Ovidio en su Arte de Amar que tanto escandalizo a Augusto dedica en su libro tercero un capítulo aconsejando a las mujeres diferentes posiciones eróticas “Cada cual se conozca bien a sí misma y preste a su cuerpo diversas actitudes: no conviene a todas la misma postura. La que destaque por su rostro, muéstrelo en posición supina, y la que tenga hermosa la espalda ofrézcala a los ojos de amante. Milanio cargaba sobre sus hombros las piernas de Atalanta; si las tuyas son tan hermosas lúcelas del mismo modo. La mujer pequeña cabalgue sobre su amigo de tal manera que disimule la diferencia de altura. Andrómaca, que era altísima, nunca se puso sobre los de su esposo Héctor. La que tenga el talle largo, oprima con las rodillas el tálamo y deje caer un poco la cabeza; si sus músculos incitan con la frescura juvenil y sus pechos carecen de máculas, que el amante en pie la vea ligeramente inclinada en el lecho. No creas vergonzoso desatar, como una bacante de Tesalia, los cabellos y dejarlos caer sobre los hombros, y si Lúcina señaló tu vientre con las arrugas, pelea como el ágil parto volviendo las espaldas.
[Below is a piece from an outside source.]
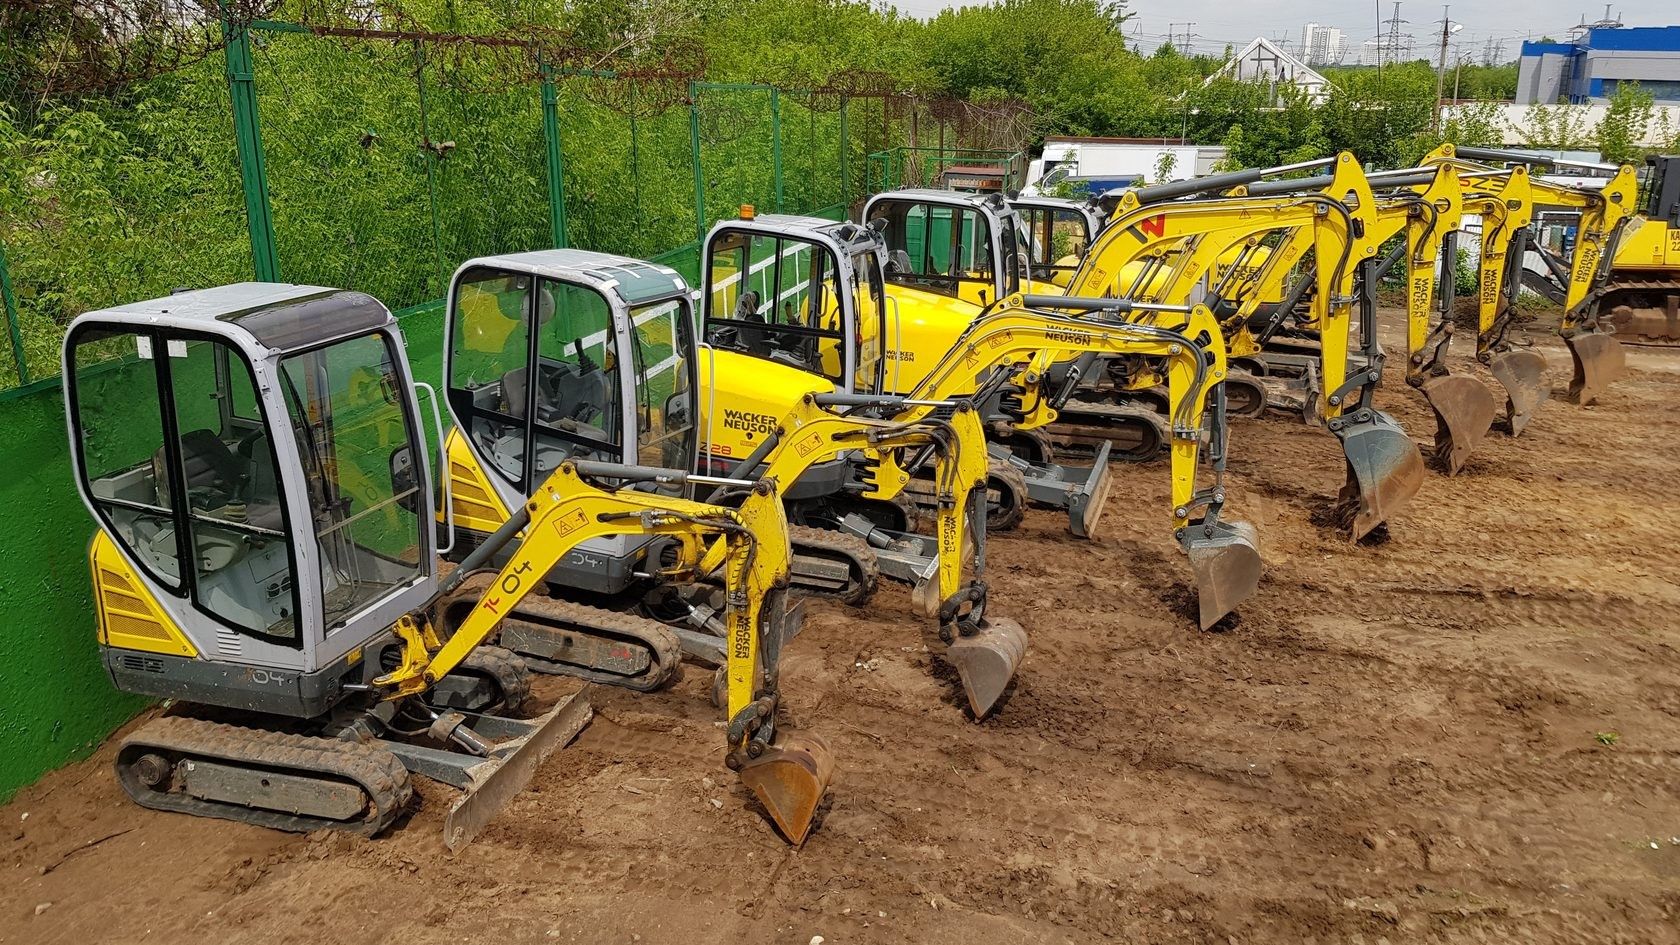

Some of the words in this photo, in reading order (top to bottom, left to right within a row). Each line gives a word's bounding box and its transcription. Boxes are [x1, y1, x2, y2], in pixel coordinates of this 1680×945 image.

Venus se huelga de cien maneras distintas; la más sencilla y de menos esfuerzo es acostarse tendida a medias sobre el costado derecho mientras el amante la abraza por detrás”.


Pintura erótica de la Casa del Centenario. Siglo I d.C. Pompeya

Pintura erótica de las Termas suburbanas. Siglo I d.C. TErmas Suburbanas. Pompeya

      Cuando las excavaciones de Pompeya y Herculano en el siglo XVIII sacaron a la luz múltiples piezas y pinturas de índole eróticas fueron causa de gran asombro y consternación hasta el punto que todas las obras de arte de este tipo fueron escondidas en 1819 en una sala prohibida del Museo de Nápoles, conocida como Gabinete Secreto. Estas piezas sólo podían visitarlas personas de moral reconocida y edad madura que gozaran de un permiso especial. Hasta el año 2.000 no se han abierto al público en general.
Para concluir ¿qué hay de cierto en las lujuriosas bacanales mostradas frecuentemente en el cine? De origen griego, las bacanales tomaron en Roma un carácter más festivo en honor del dios del vino, Baco. Pronto, esta celebración de origen religioso tomo un cariz más erótico. En ellas participaban mayoritariamente hombres mientras las mujeres que acudían eran las prostitutas y esclavas, pues en ellas se bebía vino de forma desmedida y se sucedían los actos de carácter erótico y sexual totalmente carentes de pudor. Fueron prohibidas en 186 d.C. por el Senado Romano pues se convirtieron en un foco de conspiración política, aunque siguieron celebrándose, sobre todo en el sur de Italia. 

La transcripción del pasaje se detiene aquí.